--- Records shown ---
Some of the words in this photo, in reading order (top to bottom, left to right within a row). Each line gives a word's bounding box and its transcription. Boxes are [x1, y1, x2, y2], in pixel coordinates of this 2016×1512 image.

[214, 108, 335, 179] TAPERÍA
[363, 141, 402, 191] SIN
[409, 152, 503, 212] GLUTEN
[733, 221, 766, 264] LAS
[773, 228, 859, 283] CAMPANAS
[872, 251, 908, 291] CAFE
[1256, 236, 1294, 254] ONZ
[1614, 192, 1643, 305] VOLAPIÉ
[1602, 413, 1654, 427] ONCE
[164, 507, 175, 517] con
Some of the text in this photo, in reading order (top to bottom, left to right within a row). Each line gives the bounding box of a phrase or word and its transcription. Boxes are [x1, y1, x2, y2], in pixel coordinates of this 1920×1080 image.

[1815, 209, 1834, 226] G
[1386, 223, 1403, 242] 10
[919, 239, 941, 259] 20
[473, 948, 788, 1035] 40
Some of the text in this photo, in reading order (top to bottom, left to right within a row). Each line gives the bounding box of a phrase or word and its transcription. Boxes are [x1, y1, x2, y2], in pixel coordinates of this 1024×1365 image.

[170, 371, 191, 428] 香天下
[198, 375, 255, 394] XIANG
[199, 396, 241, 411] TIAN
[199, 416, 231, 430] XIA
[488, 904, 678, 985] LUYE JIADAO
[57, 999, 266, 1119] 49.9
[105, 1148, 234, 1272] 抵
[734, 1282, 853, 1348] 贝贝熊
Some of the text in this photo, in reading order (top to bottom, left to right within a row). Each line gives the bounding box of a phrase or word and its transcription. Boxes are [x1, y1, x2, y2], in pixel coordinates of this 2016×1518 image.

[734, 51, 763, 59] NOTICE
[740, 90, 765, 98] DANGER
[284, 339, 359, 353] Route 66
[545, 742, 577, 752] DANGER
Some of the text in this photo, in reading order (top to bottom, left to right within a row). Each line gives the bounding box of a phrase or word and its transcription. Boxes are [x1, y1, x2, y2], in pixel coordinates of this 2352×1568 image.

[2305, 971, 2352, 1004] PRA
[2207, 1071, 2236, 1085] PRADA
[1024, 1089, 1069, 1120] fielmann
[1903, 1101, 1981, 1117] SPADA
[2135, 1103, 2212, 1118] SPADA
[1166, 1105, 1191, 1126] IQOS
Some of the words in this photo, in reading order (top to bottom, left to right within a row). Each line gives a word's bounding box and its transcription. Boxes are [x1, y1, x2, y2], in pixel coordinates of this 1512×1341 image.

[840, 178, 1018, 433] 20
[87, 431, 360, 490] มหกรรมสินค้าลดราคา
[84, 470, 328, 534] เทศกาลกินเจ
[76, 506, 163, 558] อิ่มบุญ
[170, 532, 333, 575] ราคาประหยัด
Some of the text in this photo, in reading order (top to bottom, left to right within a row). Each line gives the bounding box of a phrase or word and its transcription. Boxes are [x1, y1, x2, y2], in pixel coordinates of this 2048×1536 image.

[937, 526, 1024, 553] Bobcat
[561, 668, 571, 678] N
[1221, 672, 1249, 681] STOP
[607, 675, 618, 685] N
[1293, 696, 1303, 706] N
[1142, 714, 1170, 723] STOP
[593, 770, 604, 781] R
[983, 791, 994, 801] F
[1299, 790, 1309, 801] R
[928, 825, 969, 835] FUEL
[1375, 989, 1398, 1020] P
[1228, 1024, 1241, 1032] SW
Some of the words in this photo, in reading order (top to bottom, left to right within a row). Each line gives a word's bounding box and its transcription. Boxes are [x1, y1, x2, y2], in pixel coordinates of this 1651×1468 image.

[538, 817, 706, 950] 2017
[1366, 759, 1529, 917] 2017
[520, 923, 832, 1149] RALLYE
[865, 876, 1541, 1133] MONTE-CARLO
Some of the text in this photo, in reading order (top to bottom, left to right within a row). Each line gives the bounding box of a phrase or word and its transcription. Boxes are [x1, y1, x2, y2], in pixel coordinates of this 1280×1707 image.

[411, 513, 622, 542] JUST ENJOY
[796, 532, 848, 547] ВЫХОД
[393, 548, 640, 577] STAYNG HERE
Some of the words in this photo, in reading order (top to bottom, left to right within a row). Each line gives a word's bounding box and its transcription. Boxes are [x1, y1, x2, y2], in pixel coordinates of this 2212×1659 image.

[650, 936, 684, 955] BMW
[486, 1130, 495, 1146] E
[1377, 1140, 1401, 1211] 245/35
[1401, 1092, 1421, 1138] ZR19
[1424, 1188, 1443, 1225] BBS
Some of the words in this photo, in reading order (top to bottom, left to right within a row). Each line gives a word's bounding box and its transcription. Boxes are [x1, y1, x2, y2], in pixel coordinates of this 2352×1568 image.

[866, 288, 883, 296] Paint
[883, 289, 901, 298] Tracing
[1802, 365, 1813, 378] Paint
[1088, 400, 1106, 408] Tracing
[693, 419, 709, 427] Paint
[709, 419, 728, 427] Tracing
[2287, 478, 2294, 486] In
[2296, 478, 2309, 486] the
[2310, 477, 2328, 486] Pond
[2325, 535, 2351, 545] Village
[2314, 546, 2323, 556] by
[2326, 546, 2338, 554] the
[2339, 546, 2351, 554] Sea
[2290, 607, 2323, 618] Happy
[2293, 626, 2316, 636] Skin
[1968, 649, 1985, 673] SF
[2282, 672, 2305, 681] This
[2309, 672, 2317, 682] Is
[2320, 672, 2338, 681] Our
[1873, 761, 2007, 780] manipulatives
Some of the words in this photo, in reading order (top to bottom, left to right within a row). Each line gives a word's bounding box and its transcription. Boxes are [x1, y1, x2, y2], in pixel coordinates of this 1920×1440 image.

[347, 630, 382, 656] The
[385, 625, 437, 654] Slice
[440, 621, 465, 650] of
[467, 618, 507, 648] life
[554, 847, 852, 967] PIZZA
---
• _What to work on_
Lines from the one containing "this 1920×1440 image." through the final line of the material should be set down exactly, and no other lines.

• _Reply_
Some of the words in this photo, in reading order (top to bottom, left to right within a row). Each line gives a word's bounding box and its transcription. Boxes are [x1, y1, x2, y2], in pixel coordinates of this 1920×1440 image.

[347, 630, 382, 656] The
[385, 625, 437, 654] Slice
[440, 621, 465, 650] of
[467, 618, 507, 648] life
[554, 847, 852, 967] PIZZA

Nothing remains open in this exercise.